## What needs to be done
Retype exactly the lines from the one with "Some of the words" down to the final line of the material below, both included, and nothing more.

===== Information supplied =====

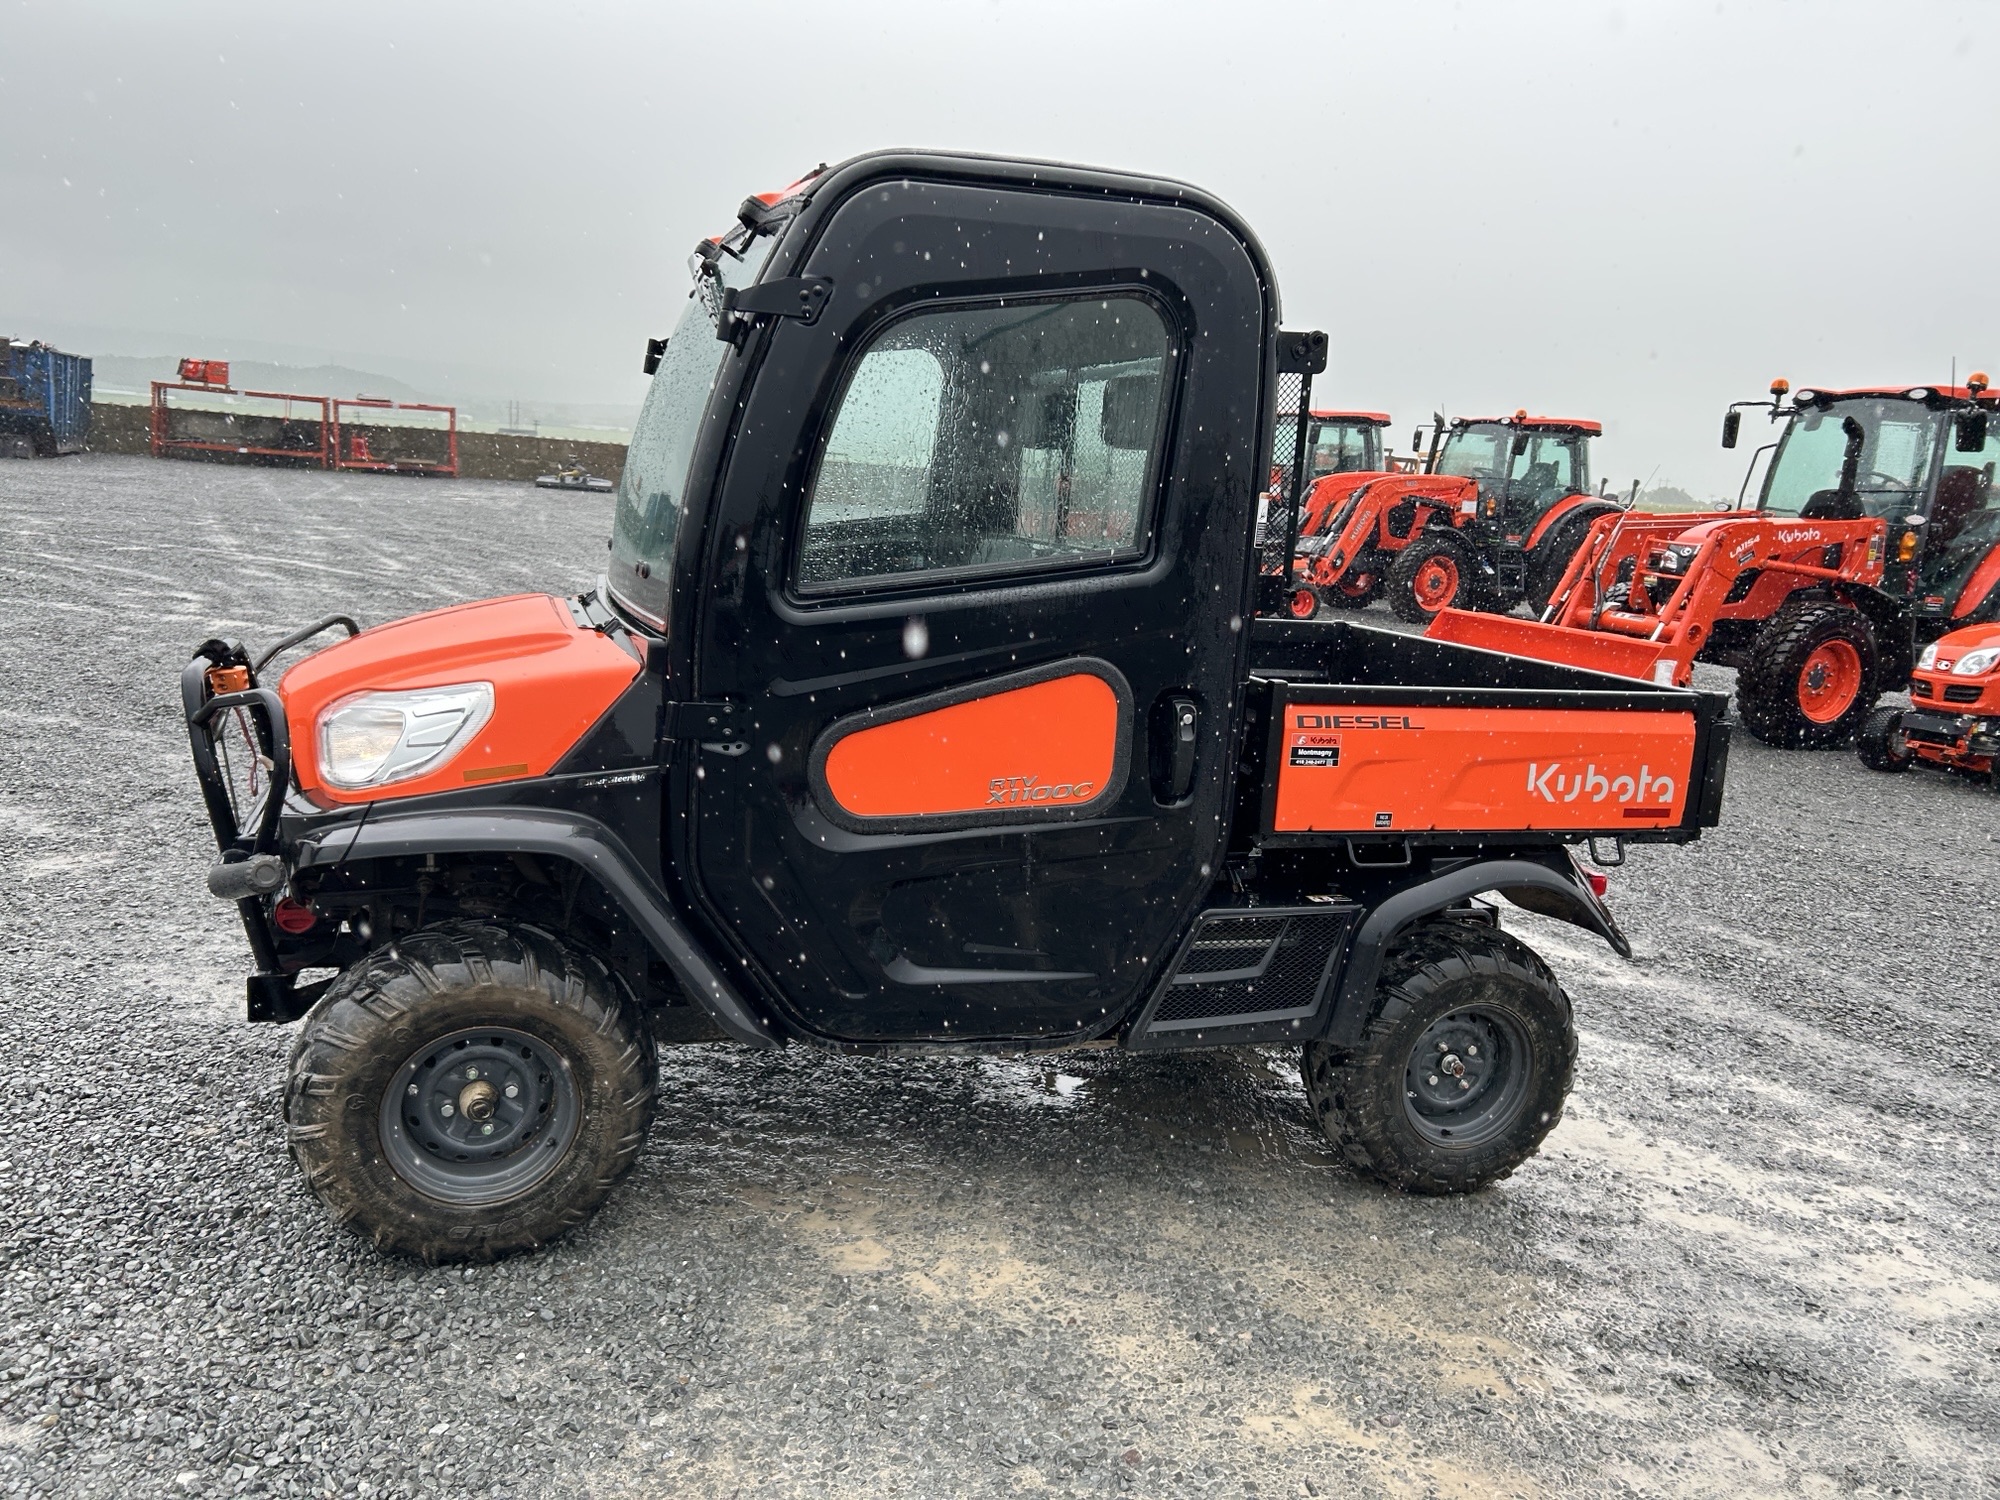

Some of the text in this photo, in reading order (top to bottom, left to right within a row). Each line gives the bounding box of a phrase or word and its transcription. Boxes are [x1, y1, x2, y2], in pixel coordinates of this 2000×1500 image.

[1778, 527, 1821, 543] Kubota
[1729, 534, 1760, 559] LA1154
[1296, 714, 1426, 730] DIESEL
[1310, 737, 1338, 745] Kubota
[1298, 749, 1332, 757] Montmagny
[989, 775, 1039, 790] RTV
[1526, 762, 1675, 803] Kubota
[985, 782, 1094, 805] X1100C
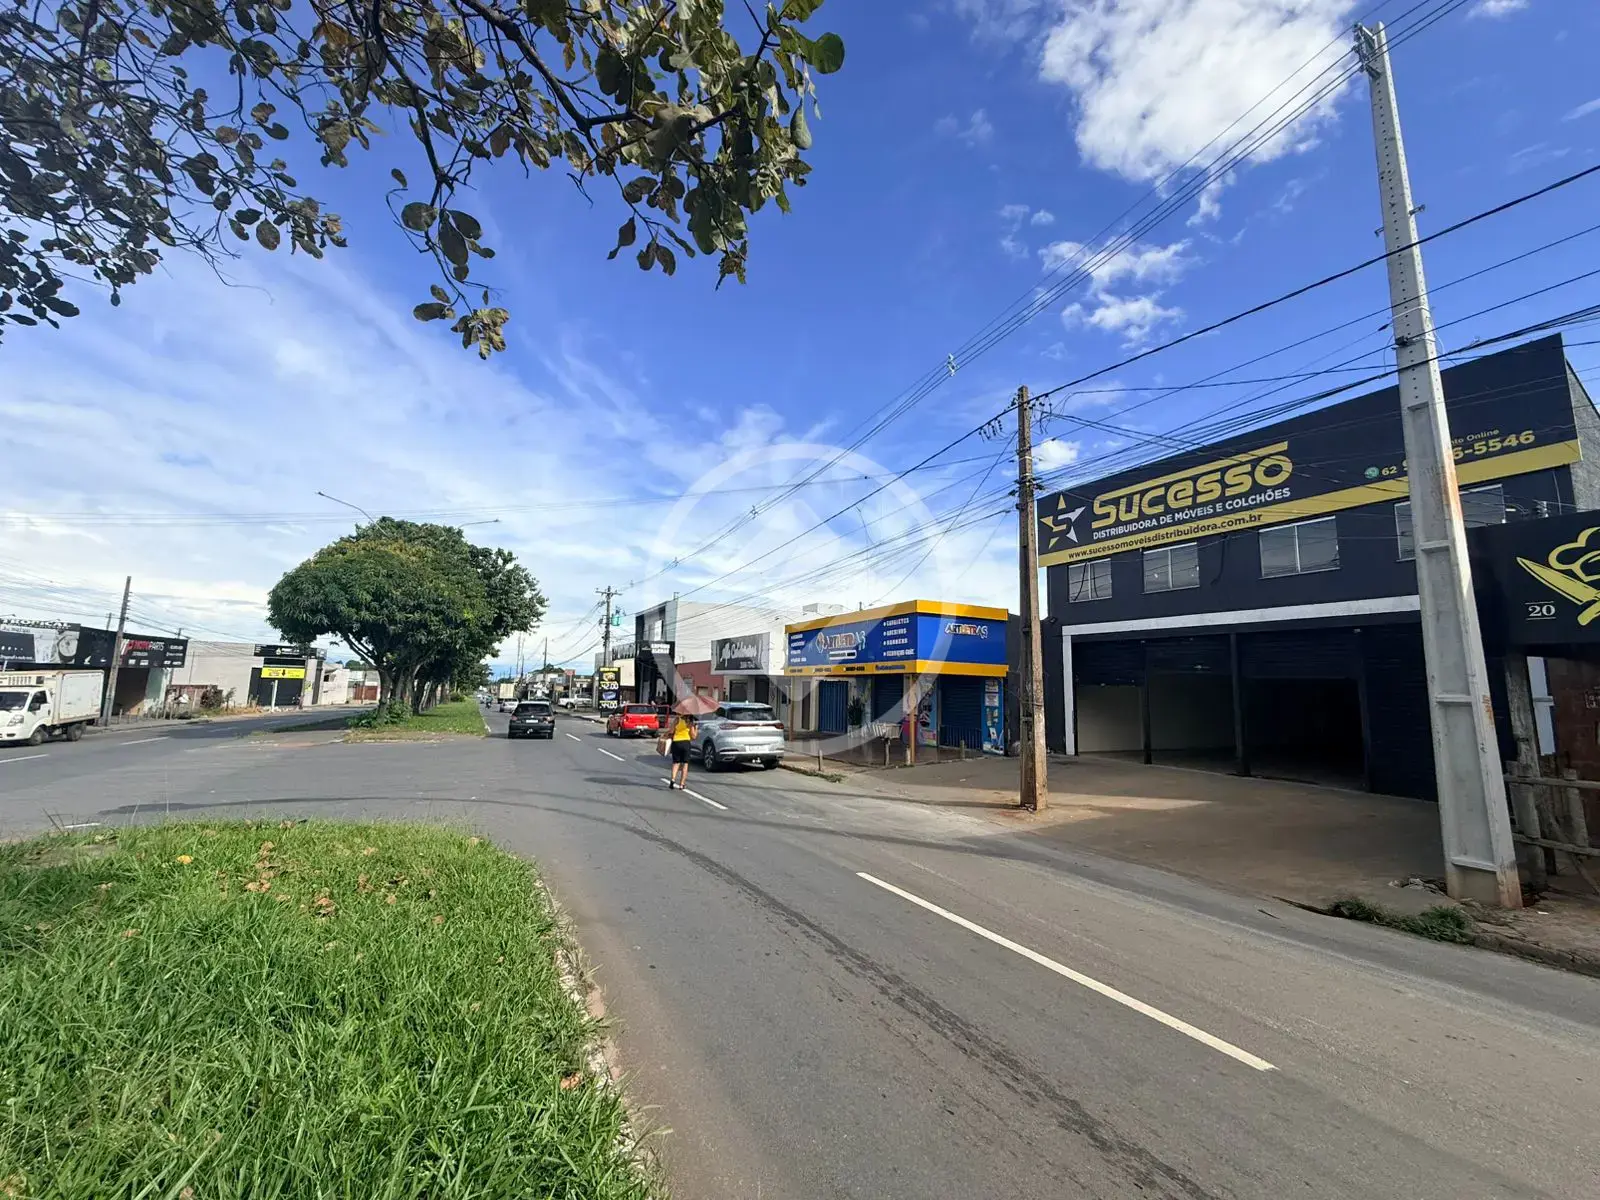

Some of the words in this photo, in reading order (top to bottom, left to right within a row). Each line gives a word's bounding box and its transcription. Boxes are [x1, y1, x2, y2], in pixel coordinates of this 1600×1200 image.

[1381, 465, 1398, 476] 62
[1452, 430, 1535, 460] 6-5546
[1466, 429, 1500, 441] Online
[1068, 512, 1263, 559] www.sucessomoveisdistribuidora.com.br
[1092, 519, 1157, 540] DISTRIBUIDORA
[1160, 514, 1173, 525] DE
[1174, 504, 1214, 522] MÓVEIS
[1216, 502, 1223, 512] E
[1226, 487, 1291, 510] COLCHÕES
[1528, 604, 1556, 617] 20

=====

## Answer space
Some of the words in this photo, in reading order (top to bottom, left to right within a row). Each line gives a word's bounding box and its transcription. Boxes are [x1, y1, x2, y2], in pixel coordinates of this 1600×1200 image.

[1381, 465, 1398, 476] 62
[1452, 430, 1535, 460] 6-5546
[1466, 429, 1500, 441] Online
[1068, 512, 1263, 559] www.sucessomoveisdistribuidora.com.br
[1092, 519, 1157, 540] DISTRIBUIDORA
[1160, 514, 1173, 525] DE
[1174, 504, 1214, 522] MÓVEIS
[1216, 502, 1223, 512] E
[1226, 487, 1291, 510] COLCHÕES
[1528, 604, 1556, 617] 20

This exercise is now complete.